Lastly, I don’t play golf, nor do I belong to a book club. Am I shooting myself in the foot? How do I remain relevant?


Corporates or institutions are social phenomena, it is therefore very important for a person to “influence others” and allows themselves to “be influenced by others”. This requires more contact with colleagues beyond the day to day office meetings. So, having more points of contact with colleagues increases your opportunity to “influence” and to be “influenced “. 
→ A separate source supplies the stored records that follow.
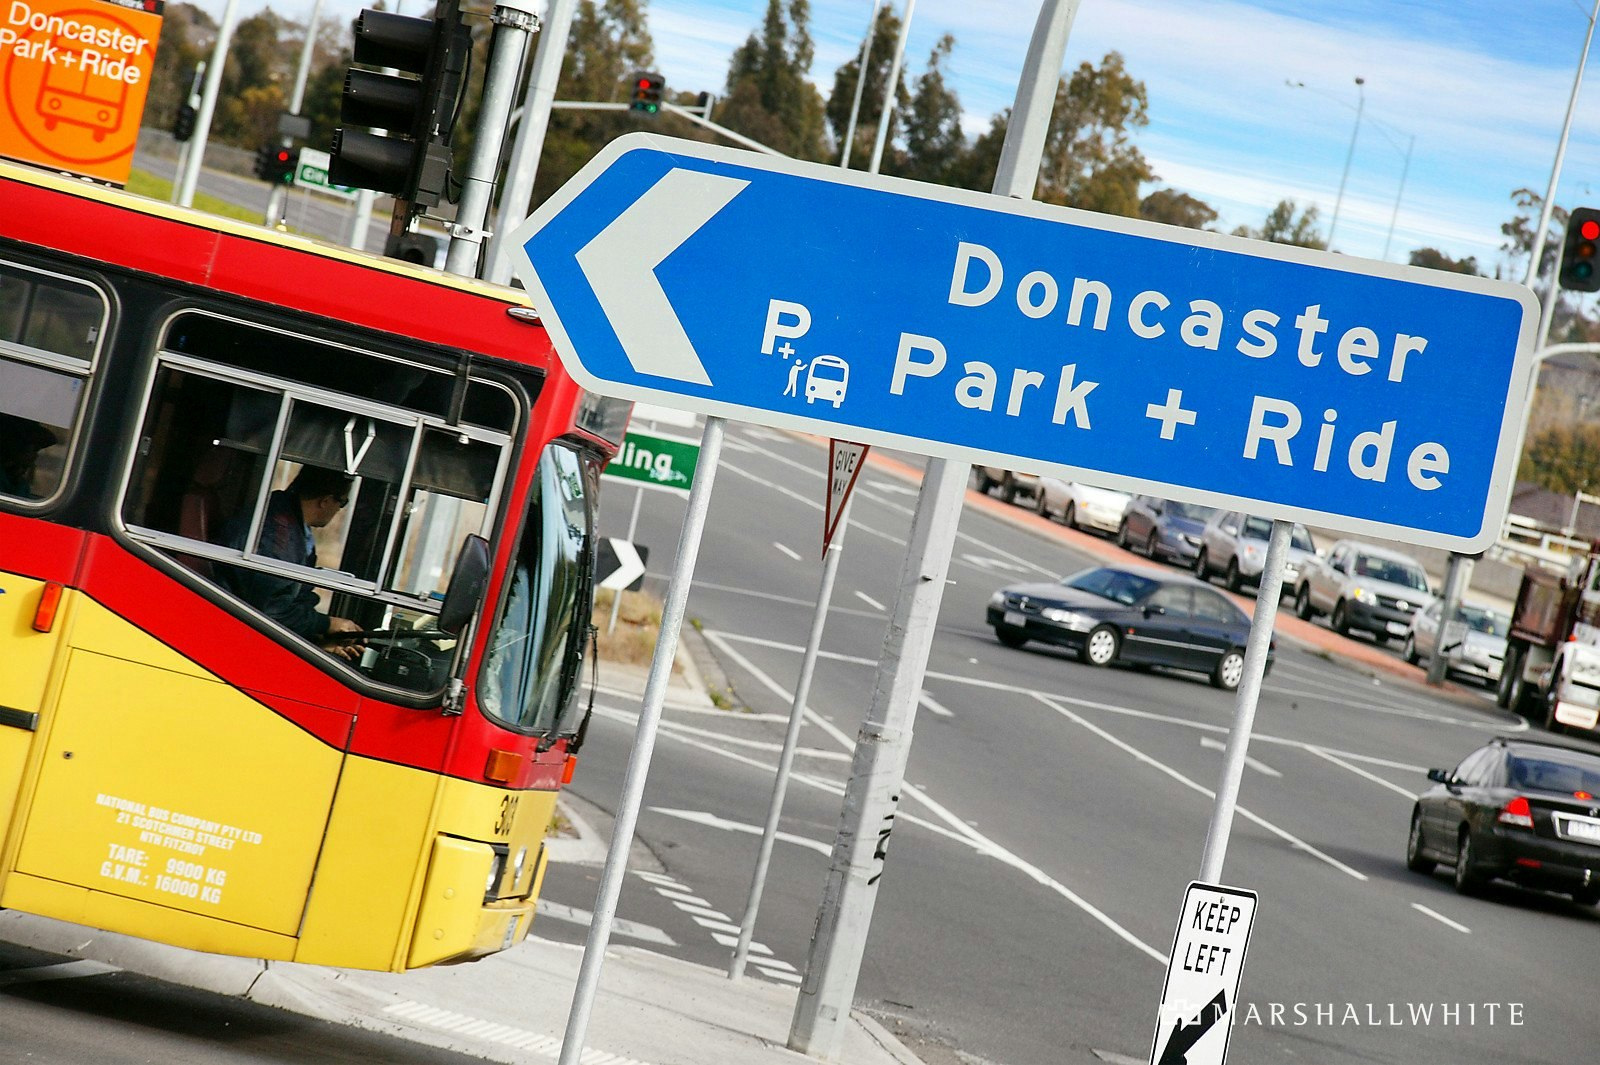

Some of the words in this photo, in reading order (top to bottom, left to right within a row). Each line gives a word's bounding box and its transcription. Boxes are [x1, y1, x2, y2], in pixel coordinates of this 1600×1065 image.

[8, 1, 149, 56] Doncaster
[948, 241, 1428, 383] Doncaster
[890, 332, 1100, 430] Park
[1145, 388, 1198, 441] +
[1243, 395, 1451, 491] Ride
[835, 450, 857, 473] GIVE
[832, 478, 848, 497] WAY
[95, 793, 147, 816] NATIONAL
[147, 806, 171, 822] BUS
[170, 812, 222, 834] COMPANY
[220, 825, 243, 840] PTY
[241, 831, 263, 845] LTD
[116, 811, 131, 825] 21
[131, 816, 196, 841] SCOTCHMER
[195, 832, 236, 851] STREET
[139, 831, 163, 846] NTH
[162, 836, 206, 856] FITZROY
[100, 861, 150, 887] G.V.M.:
[154, 874, 199, 899] 16000
[200, 886, 222, 905] KG
[108, 843, 150, 867] TARE:
[165, 858, 205, 880] 9900
[205, 867, 227, 887] KG
[1192, 900, 1241, 935] KEEP
[1183, 942, 1232, 976] LEFT
I would, however, caution against three areas that may be of concern: 

Firstly, it’s important that a social activity such as golf, or a book club, should not be an automatic route to success because the leaders or a leader or the dominant group prefers it. When that happens, you start to compel people to take up an activity or to be involved in such an activity by coercion or pressure, and that is not conducive to great team dynamics. 

Secondly, the preferred social activity should not exclude people based on gender or their commitments to their families. If a traditional after-hours drinks, or golf club or even book club excludes, most of the time, a married woman with young children; or another colleague because of his or her sexual preference or because of cultural or religious beliefs. 
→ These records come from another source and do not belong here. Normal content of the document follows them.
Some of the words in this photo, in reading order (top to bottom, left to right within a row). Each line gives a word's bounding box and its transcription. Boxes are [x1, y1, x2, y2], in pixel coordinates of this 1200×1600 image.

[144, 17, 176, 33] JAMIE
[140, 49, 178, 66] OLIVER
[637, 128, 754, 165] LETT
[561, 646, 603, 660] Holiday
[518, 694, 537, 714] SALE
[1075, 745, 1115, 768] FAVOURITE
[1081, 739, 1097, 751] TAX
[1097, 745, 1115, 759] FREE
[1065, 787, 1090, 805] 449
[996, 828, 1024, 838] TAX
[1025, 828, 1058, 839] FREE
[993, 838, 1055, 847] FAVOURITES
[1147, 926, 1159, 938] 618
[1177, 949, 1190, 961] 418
Lastly, I think an activity should get people to get to know one another better, build stronger relationships and create a positive mood in a team. Leaders of teams, or team members must avoid using or to be seen to use a social activity as a clique, faction, cult, or chosen group as it makes those inside to feel superior, smug or arrogant, whilst giving others a sense of being on the “outside”. 

I think that the concept of networking or the need to influence or be influenced remains important, but I think it must suit each person’s personal circumstances, value system and preferences. In my own career, I have never played golf nor belonged to a book club or golf club. Neither have I belonged to any group or had a particular individual or individuals that I interact with outside work in a special and regular way. I have chosen to be myself, relate to all people with respect, dignity and authenticity- that is how I have tried to be relevant. I have used every opportunity to build mutually beneficial relationships with colleagues from different countries, cultures, age groups etc.


Woow, Thank you My Leader, such a deep and enriching conversation and for your willingness to share so willingly. 


It’s my absolute pleasure, My Leader, I hope our conversation will reach more young leaders.